[Free-text object descriptions]
================================

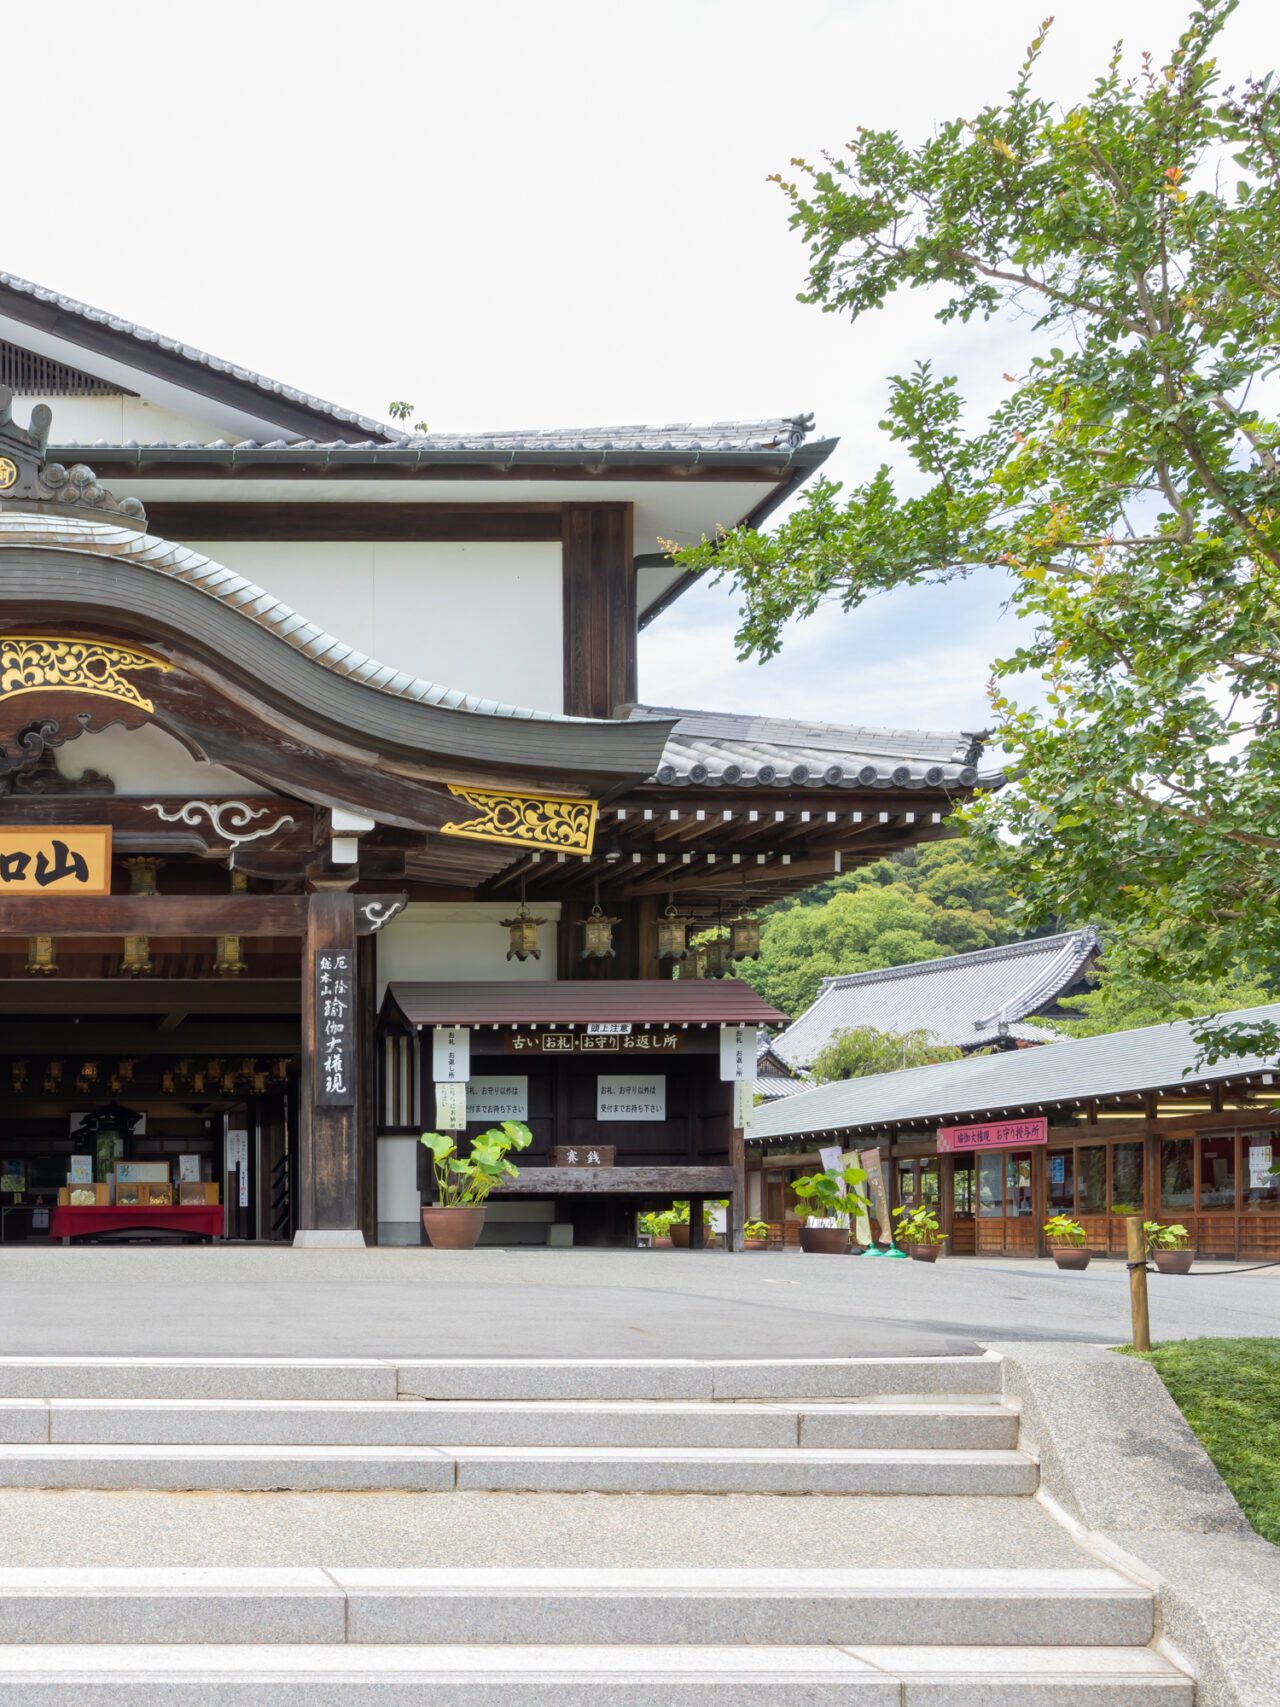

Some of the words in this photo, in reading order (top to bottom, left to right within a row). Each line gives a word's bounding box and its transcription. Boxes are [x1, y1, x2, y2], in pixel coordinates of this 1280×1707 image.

[333, 956, 349, 994] 厄除
[590, 1023, 630, 1033] 頭上注意
[448, 1032, 456, 1045] お札
[448, 1052, 456, 1079] お返し所
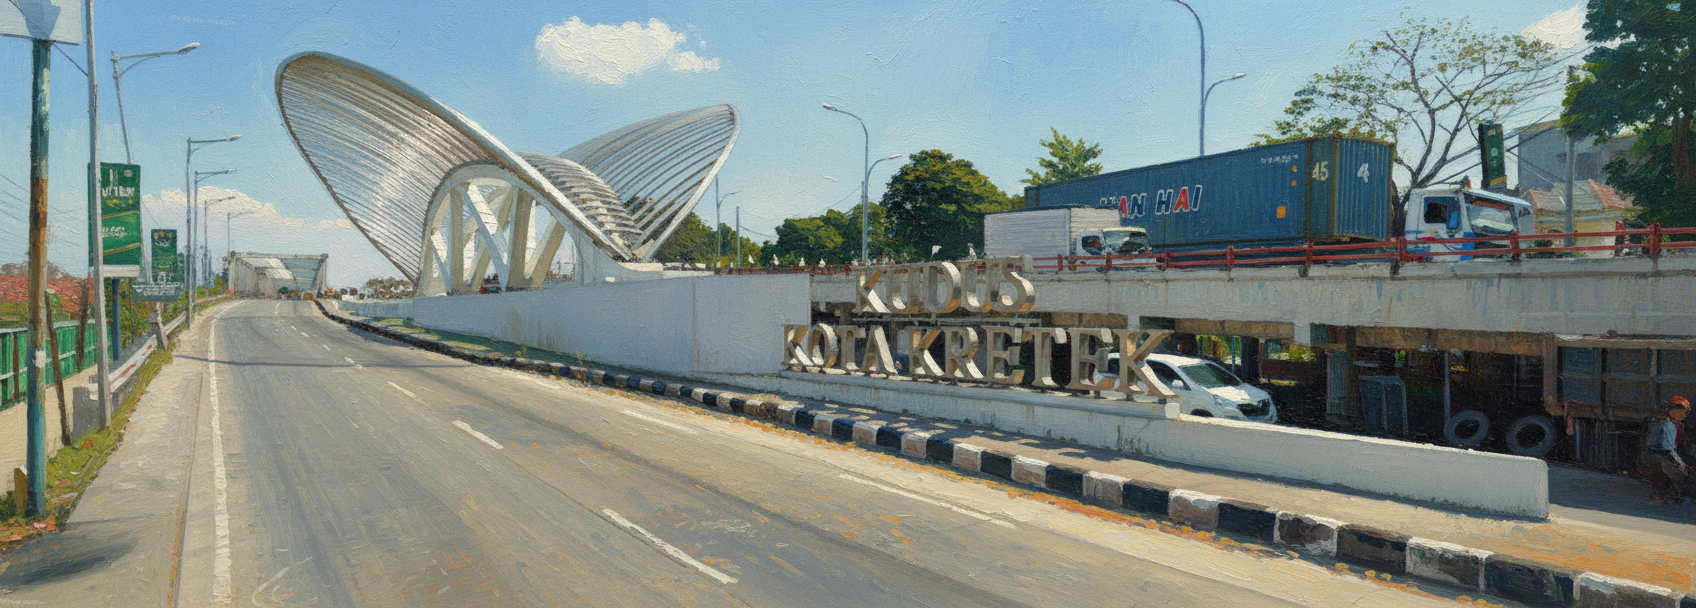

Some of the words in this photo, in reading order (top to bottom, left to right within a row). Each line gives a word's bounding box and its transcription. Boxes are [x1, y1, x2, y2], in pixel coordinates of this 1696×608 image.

[1312, 161, 1329, 181] 45
[1100, 193, 1147, 219] AN
[1155, 185, 1202, 215] HAI
[852, 254, 1036, 314] KUDUS
[781, 322, 898, 376] KOTA
[903, 325, 1179, 398] KRETEK
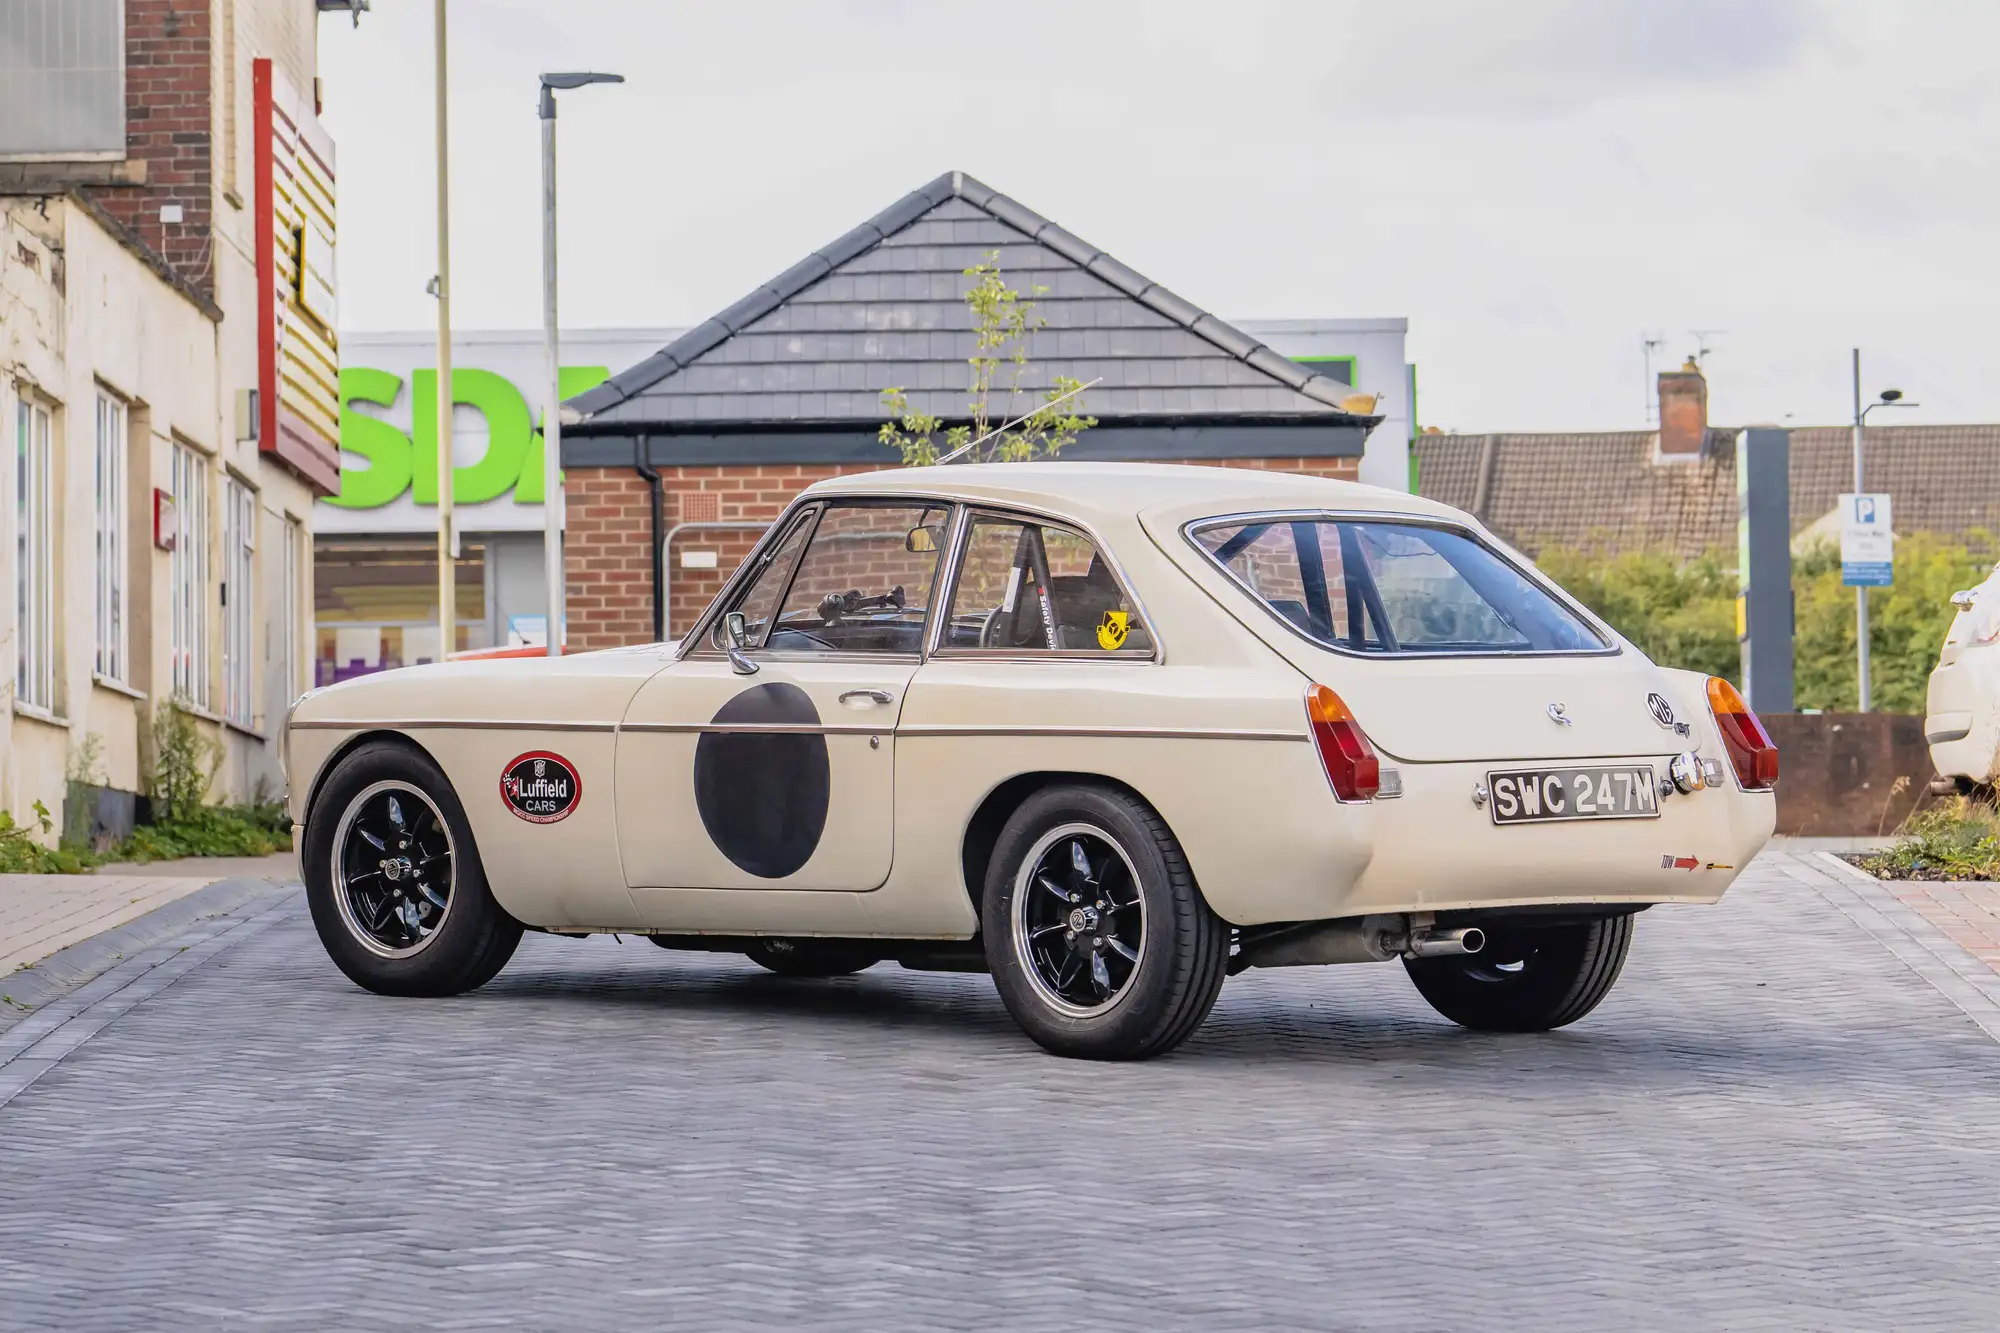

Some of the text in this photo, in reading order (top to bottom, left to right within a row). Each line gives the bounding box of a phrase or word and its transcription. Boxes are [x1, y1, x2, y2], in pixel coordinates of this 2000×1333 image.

[1647, 692, 1674, 725] MG
[519, 778, 567, 798] Luffield
[1494, 772, 1656, 817] SWC 247M
[525, 800, 556, 812] CARS
[1660, 854, 1675, 869] TOW

================================

EXERCISE DESCRIPTION:
The output must match, line for line, the span from the line containing "this 1696×608 image." through the end of the data, with the pictures removed.

ANSWER AREA:
Some of the words in this photo, in reading order (top to bottom, left to right within a row). Each line gives a word's bounding box and its transcription. Boxes are [x1, y1, x2, y2], in pixel coordinates of this 1696×608 image.

[1312, 161, 1329, 181] 45
[1100, 193, 1147, 219] AN
[1155, 185, 1202, 215] HAI
[852, 254, 1036, 314] KUDUS
[781, 322, 898, 376] KOTA
[903, 325, 1179, 398] KRETEK

Some of the text in this photo, in reading order (top to bottom, left to right within a row). Each line gives the bounding box of a phrase or word and its transcription. Boxes are [x1, y1, x2, y2], in pixel coordinates of this 2000×1333 image.

[1647, 692, 1674, 725] MG
[519, 778, 567, 798] Luffield
[1494, 772, 1656, 817] SWC 247M
[525, 800, 556, 812] CARS
[1660, 854, 1675, 869] TOW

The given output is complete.